Studies have provided empirical support for an internalizing pathway from ELS to adolescent substance use. For example, Shin and colleagues (2020) found depression symptoms mediated the association between childhood maltreatment and problem drinking in young adulthood (Shin, Ksinan Jiskrova et al. 2020). Another study showed childhood maltreatment prospectively predicted cigarette use at age 16 via internalizing symptoms at age 14 (Lewis, Kotch et al. 2011). ELS is also associated with high rates of post-traumatic stress disorder (PTSD) symptoms in adolescence (De Bellis and Zisk 2014), and PTSD symptoms have been consistently found to mediate the relationship between childhood maltreatment and problematic adolescent/young adult substance use (Klanecky, McChargue et al. 2016). The antecedents of adolescent substance use in individuals experiencing internalizing, including PTSD, symptoms following ELS is an active area of investigation; a greater understanding of these precursors is essential for informing interventions.

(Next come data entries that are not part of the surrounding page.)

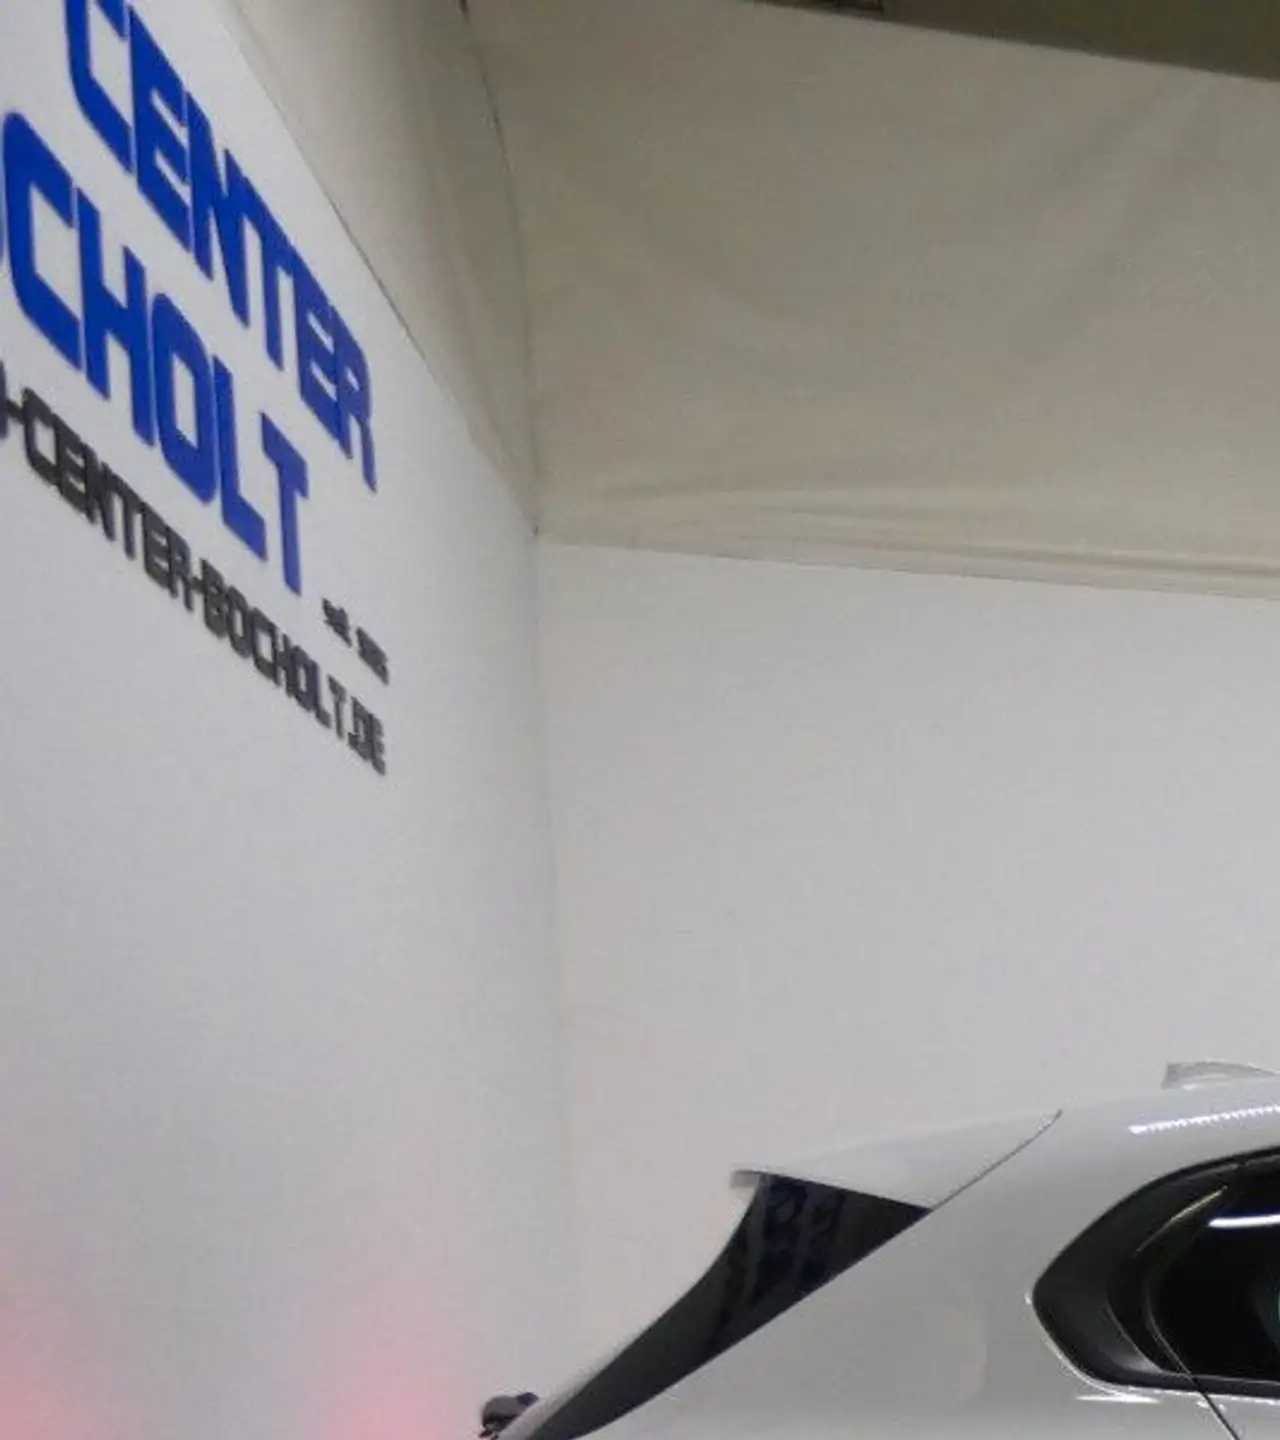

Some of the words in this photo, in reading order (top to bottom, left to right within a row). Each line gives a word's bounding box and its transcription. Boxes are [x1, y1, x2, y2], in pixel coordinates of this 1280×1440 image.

[0, 112, 309, 596] CHOLT
[64, 0, 376, 494] CENTER
[0, 360, 387, 776] -CENTER-BOCHOLT.DE
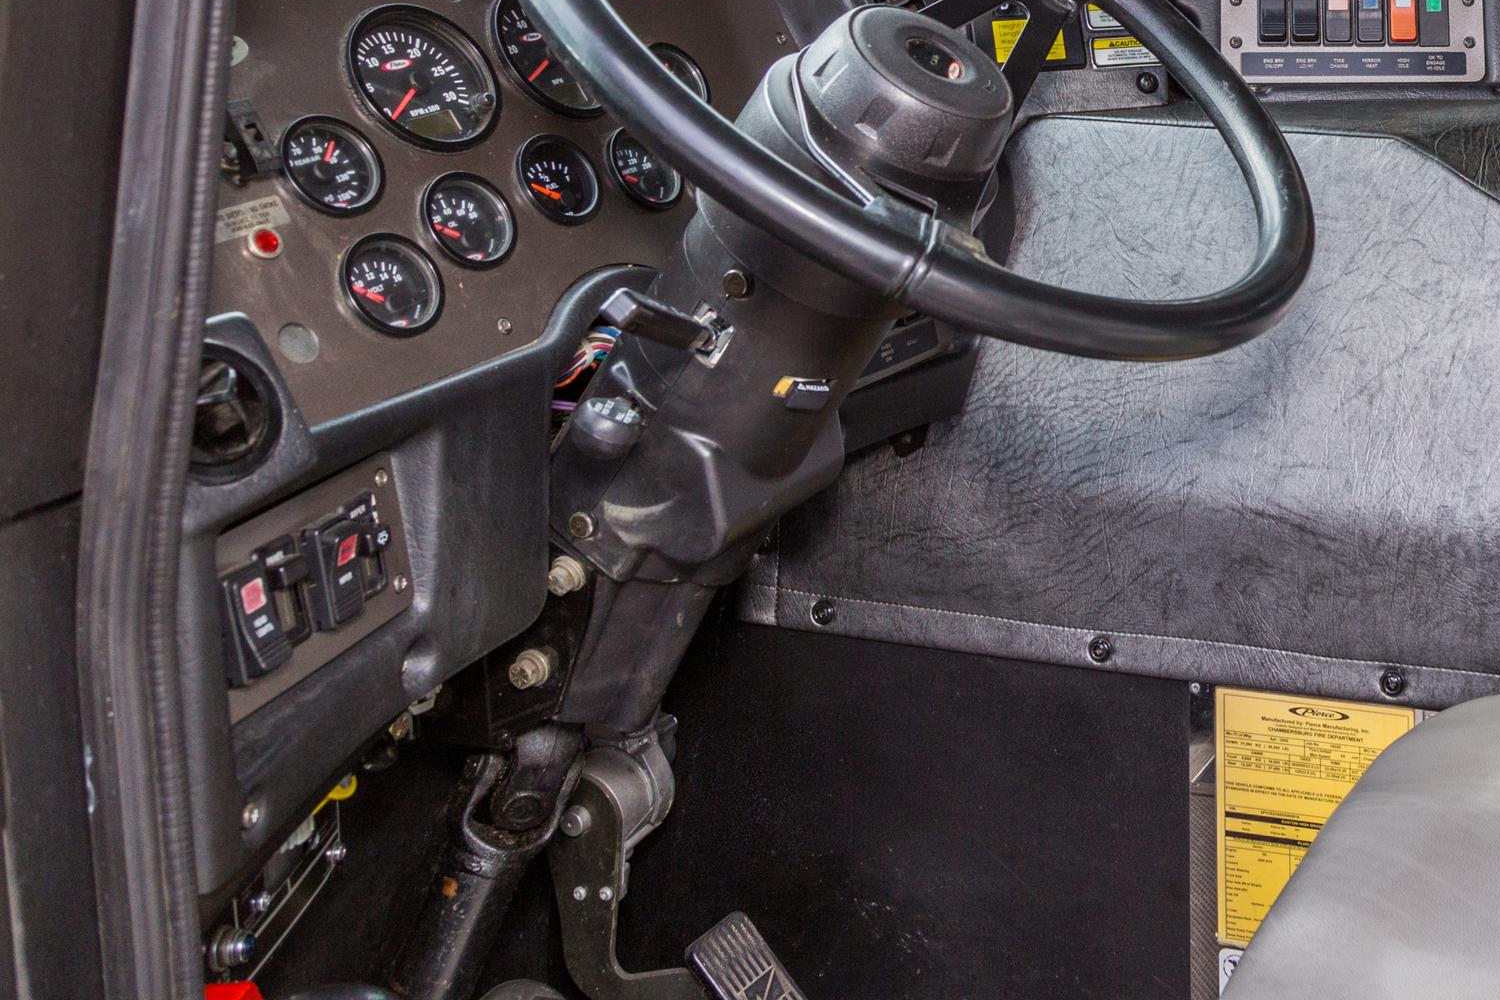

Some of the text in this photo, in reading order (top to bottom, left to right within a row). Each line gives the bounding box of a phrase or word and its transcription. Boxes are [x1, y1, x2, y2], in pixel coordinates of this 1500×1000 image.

[381, 44, 396, 55] 15
[407, 48, 422, 59] 20
[507, 44, 519, 55] 20
[365, 56, 380, 68] 10
[431, 66, 446, 77] 25
[365, 82, 375, 93] 5
[442, 91, 458, 102] 30
[366, 272, 375, 281] 12
[379, 272, 390, 281] 14
[1260, 716, 1295, 725] Manufactured
[1268, 726, 1312, 737] CHAMBERSBURG
[1327, 733, 1364, 743] DEPARTMENT

Substance use coping motives mark one commonly observed antecedent of adolescent substance use in individuals with internalizing symptoms and history of ELS. Large-scale studies have found individuals with a history of ELS are more likely to use substances to cope with problems than individuals without a history of ELS (Harrison, Fulkerson et al. 1997, Grayson and Nolen-Hoeksema 2005, Rothman, Edwards et al. 2008). Coping motives are associated with problematic substance use in adolescence/young adulthood, and with risk for development of SUDs (Merrill et al., 2014). A recent study by Shin and colleagues (2020) found childhood maltreatment was indirectly associated with alcohol-related problems in young adults (n=208) via coping motives (Shin, Jiskrova et al. 2020). Another study of 314 young adults found childhood emotional abuse was associated with higher levels of negative emotionality, which in turn predicted coping drinking motives and problematic drinking (Mezquita, Ibáñez et al. 2014). PTSD symptoms following ELS are also associated with substance use coping motives. For example, Park and colleagues (2019) found childhood maltreatment was associated with posttraumatic stress symptoms, post-traumatic stress symptoms predicted higher coping motives, and coping motives predicted higher levels of alcohol misuse in adolescence (n=564) (Park, Thompson et al. 2019). Similarly, Hannan and colleagues (2015) found childhood sexual abuse was associated with PTSD, PTSD predicted drinking to regulate emotional experiences, which was then associated with alcohol-related problems in females during college (n=579) (Hannan, Orcutt et al. 2015). As substance use coping motives is a well-established risk factor for problematic substance use, interventions aimed at promoting more effective methods for managing negative affect may be especially beneficial in reducing problematic alcohol use in individuals with a history of ELS.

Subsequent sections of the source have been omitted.